━━━━━ SOURCE MATERIAL ━━━━━

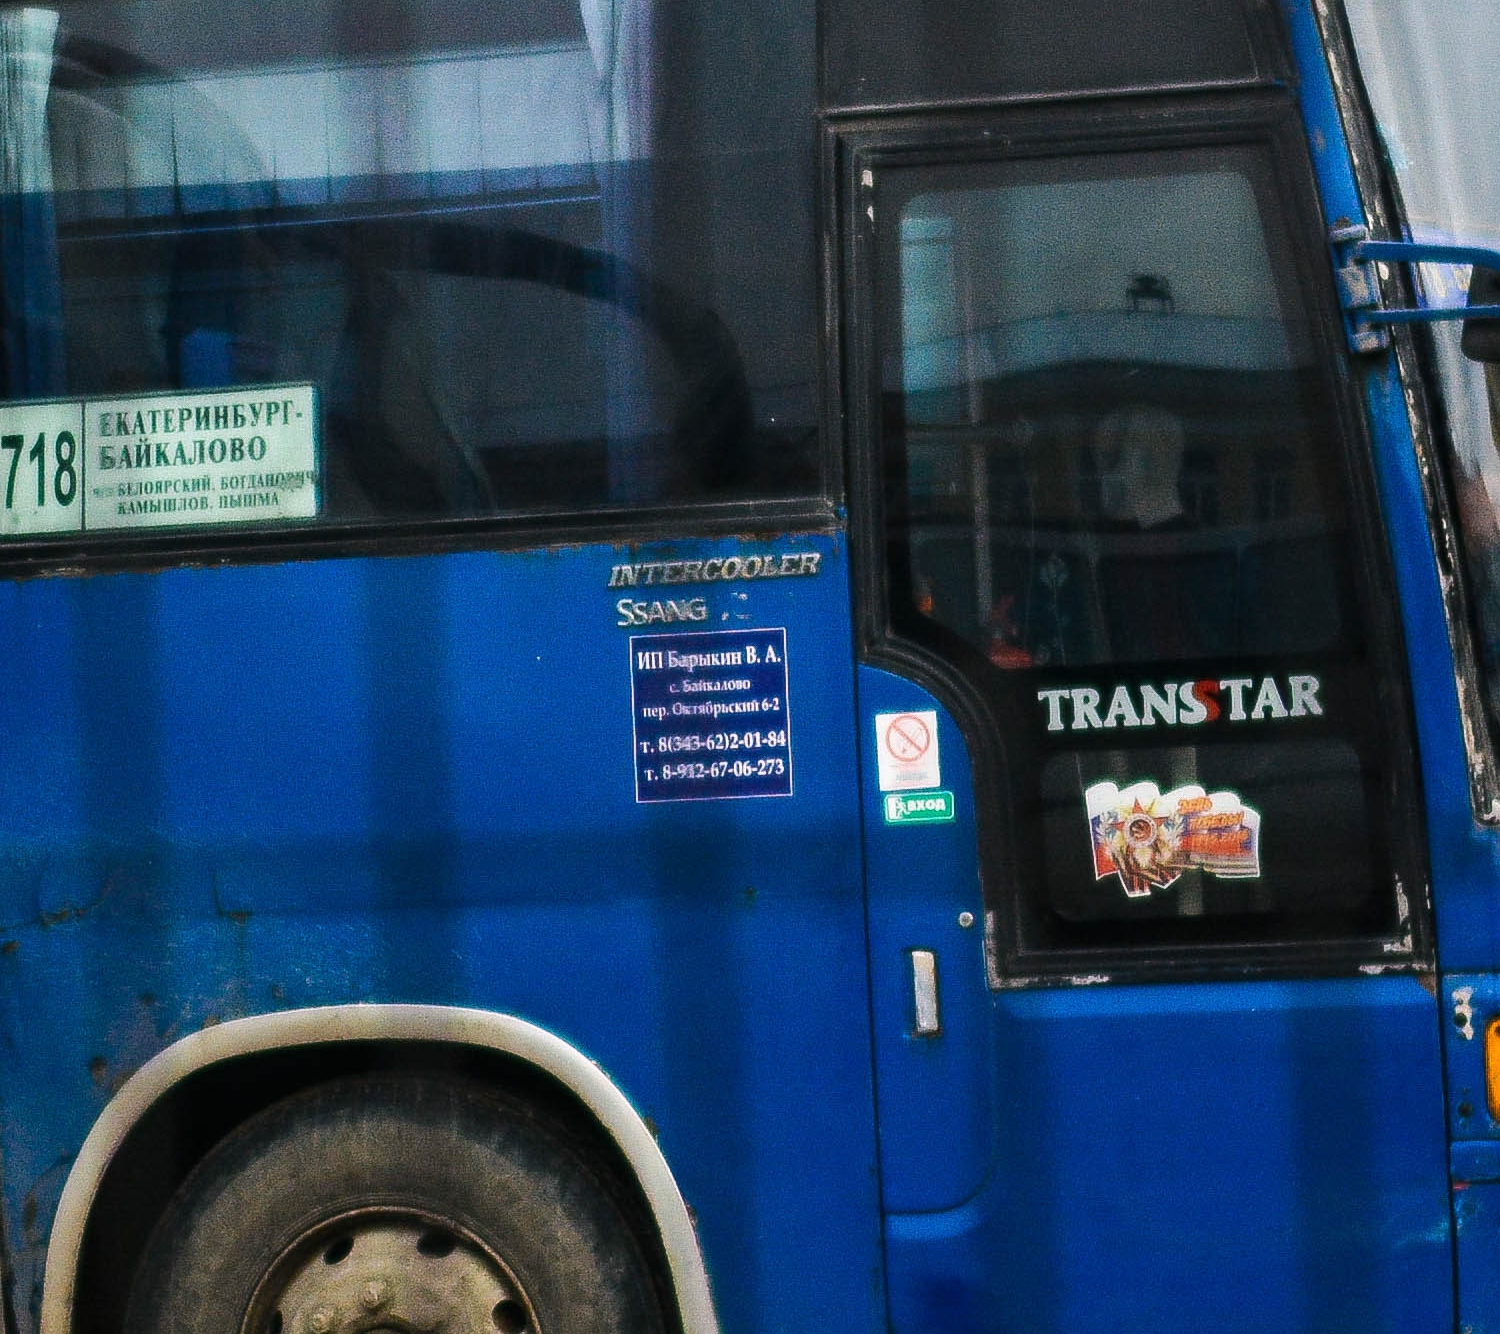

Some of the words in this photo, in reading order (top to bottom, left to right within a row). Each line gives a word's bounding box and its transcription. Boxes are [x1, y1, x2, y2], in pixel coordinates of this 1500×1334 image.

[100, 400, 303, 437] ЕКАТЕРИНБУРГ-
[99, 435, 267, 470] БАЙКАЛОВО
[0, 430, 77, 509] 718
[218, 491, 280, 510] ПЫШМА
[608, 551, 822, 587] INTERCOOLER
[637, 651, 664, 670] ИП
[668, 650, 742, 673] Барыкин
[746, 645, 761, 665] В.
[765, 644, 782, 664] А.
[682, 678, 751, 693] Байкалово
[642, 706, 669, 720] пер.
[672, 698, 760, 718] Октябрьский
[761, 697, 780, 712] 6-2
[640, 741, 655, 754] т.
[658, 729, 787, 753] 8(343-62)2-01-84
[644, 769, 659, 782] т.
[662, 758, 785, 780] 8-912-67-06-273
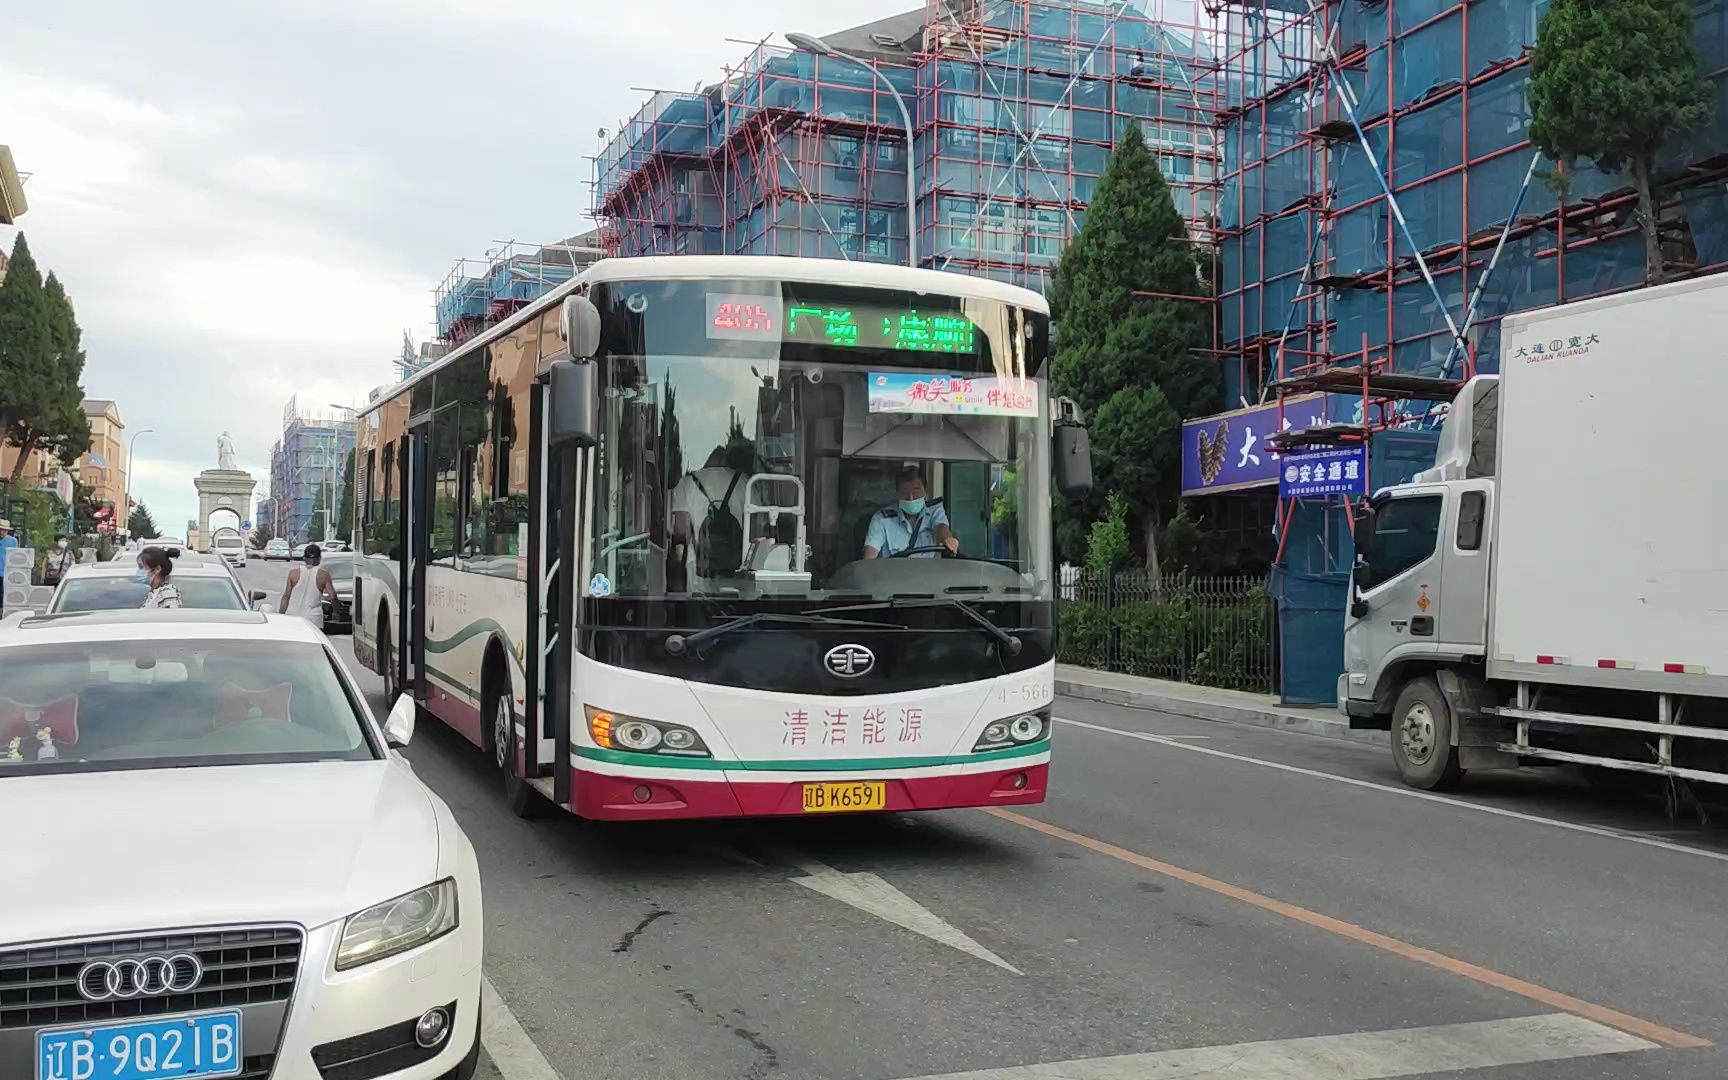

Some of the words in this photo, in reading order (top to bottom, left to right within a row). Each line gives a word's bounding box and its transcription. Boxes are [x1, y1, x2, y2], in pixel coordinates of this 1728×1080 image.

[1514, 343, 1545, 359] 大连
[1526, 353, 1554, 364] DALIAN
[1556, 346, 1590, 359] KUANDA
[1299, 459, 1360, 484] 安全通道
[781, 707, 924, 746] 清洁能源
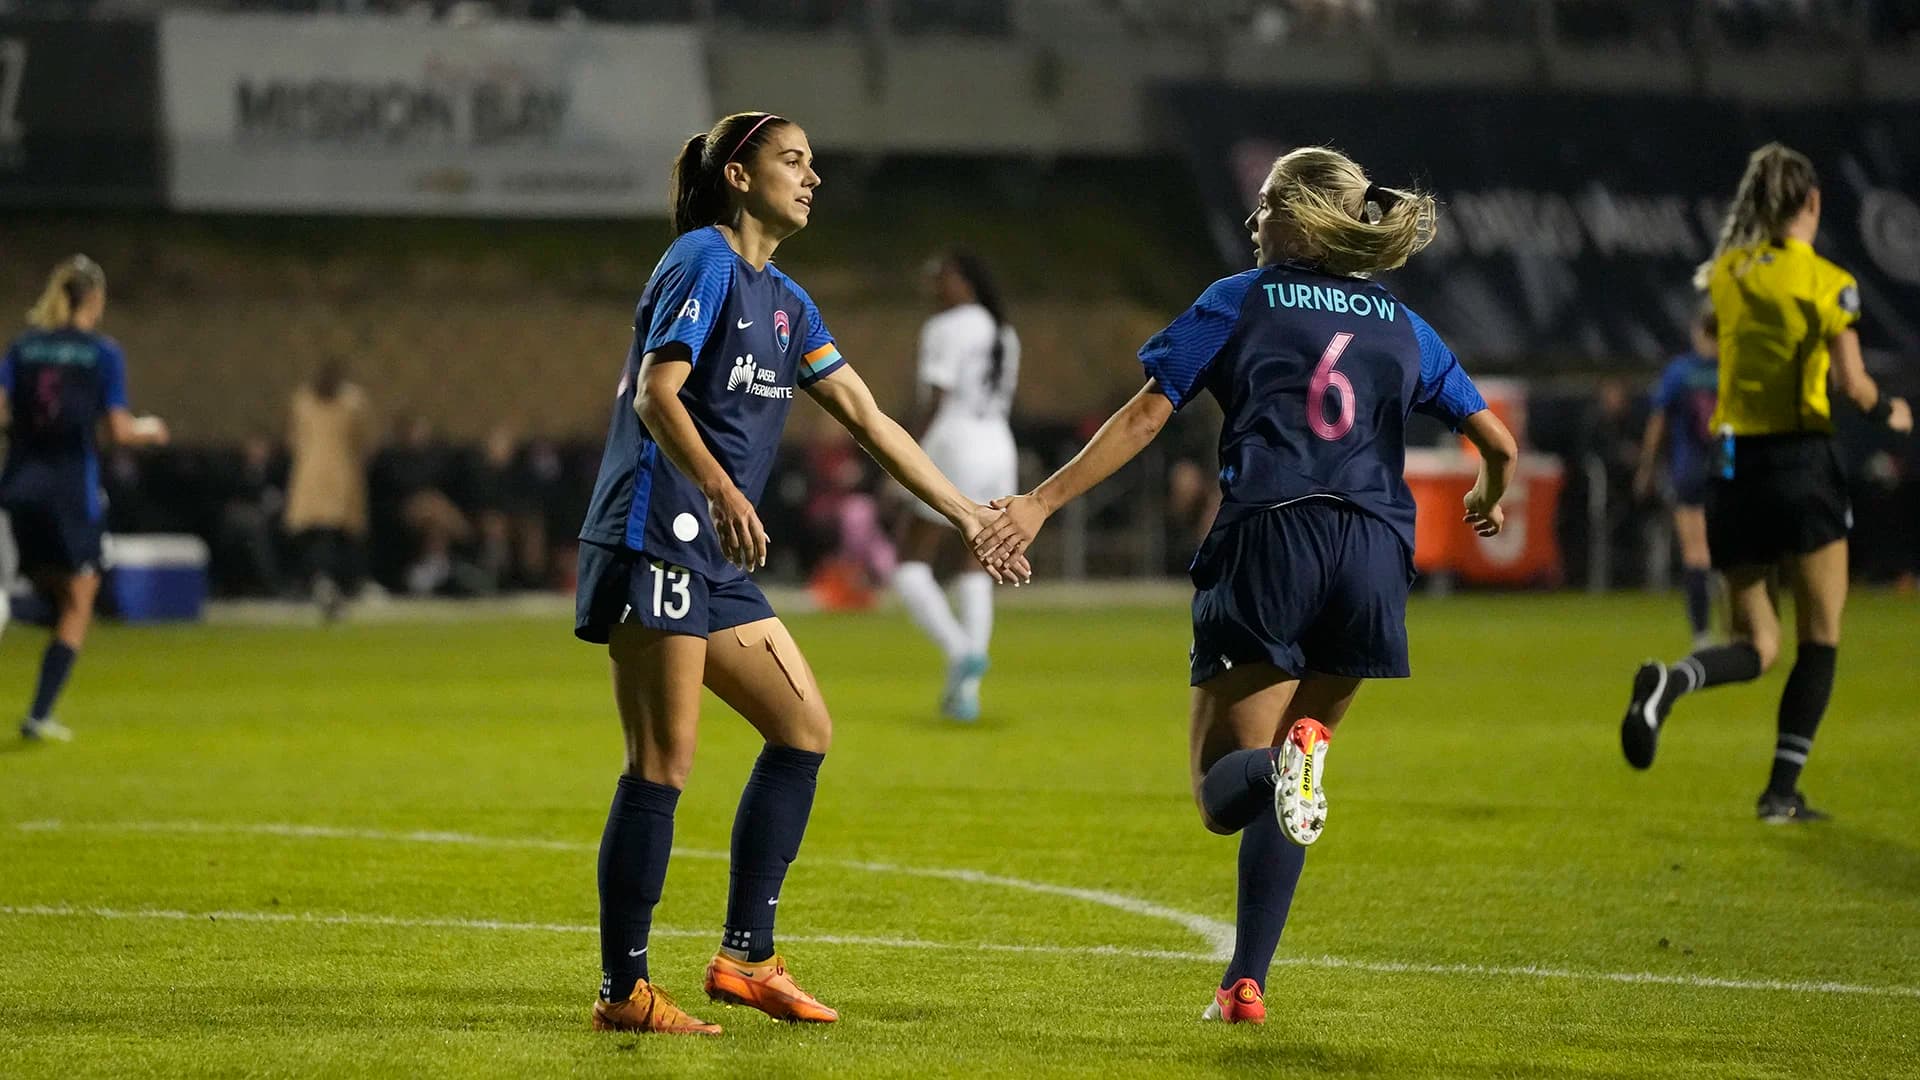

━━━━━

▸ YOUR GOAL:
Above are the records; reproduce them exactly and leave out the pictures.

▸ RESPONSE:
Some of the words in this photo, in reading order (top to bottom, left to right within a row). Each line gives a word's bounding box and its transcription. Boxes are [x1, y1, x2, y2], in pixel coordinates of this 1500×1334 image.

[100, 400, 303, 437] ЕКАТЕРИНБУРГ-
[99, 435, 267, 470] БАЙКАЛОВО
[0, 430, 77, 509] 718
[218, 491, 280, 510] ПЫШМА
[608, 551, 822, 587] INTERCOOLER
[637, 651, 664, 670] ИП
[668, 650, 742, 673] Барыкин
[746, 645, 761, 665] В.
[765, 644, 782, 664] А.
[682, 678, 751, 693] Байкалово
[642, 706, 669, 720] пер.
[672, 698, 760, 718] Октябрьский
[761, 697, 780, 712] 6-2
[640, 741, 655, 754] т.
[658, 729, 787, 753] 8(343-62)2-01-84
[644, 769, 659, 782] т.
[662, 758, 785, 780] 8-912-67-06-273

Some of the words in this photo, in reading order (top to bottom, left to right within a row). Each line gives a word's bounding box and its transcription. Boxes are [x1, y1, x2, y2], in pixel coordinates of this 1728×1080 image.

[1514, 343, 1545, 359] 大连
[1526, 353, 1554, 364] DALIAN
[1556, 346, 1590, 359] KUANDA
[1299, 459, 1360, 484] 安全通道
[781, 707, 924, 746] 清洁能源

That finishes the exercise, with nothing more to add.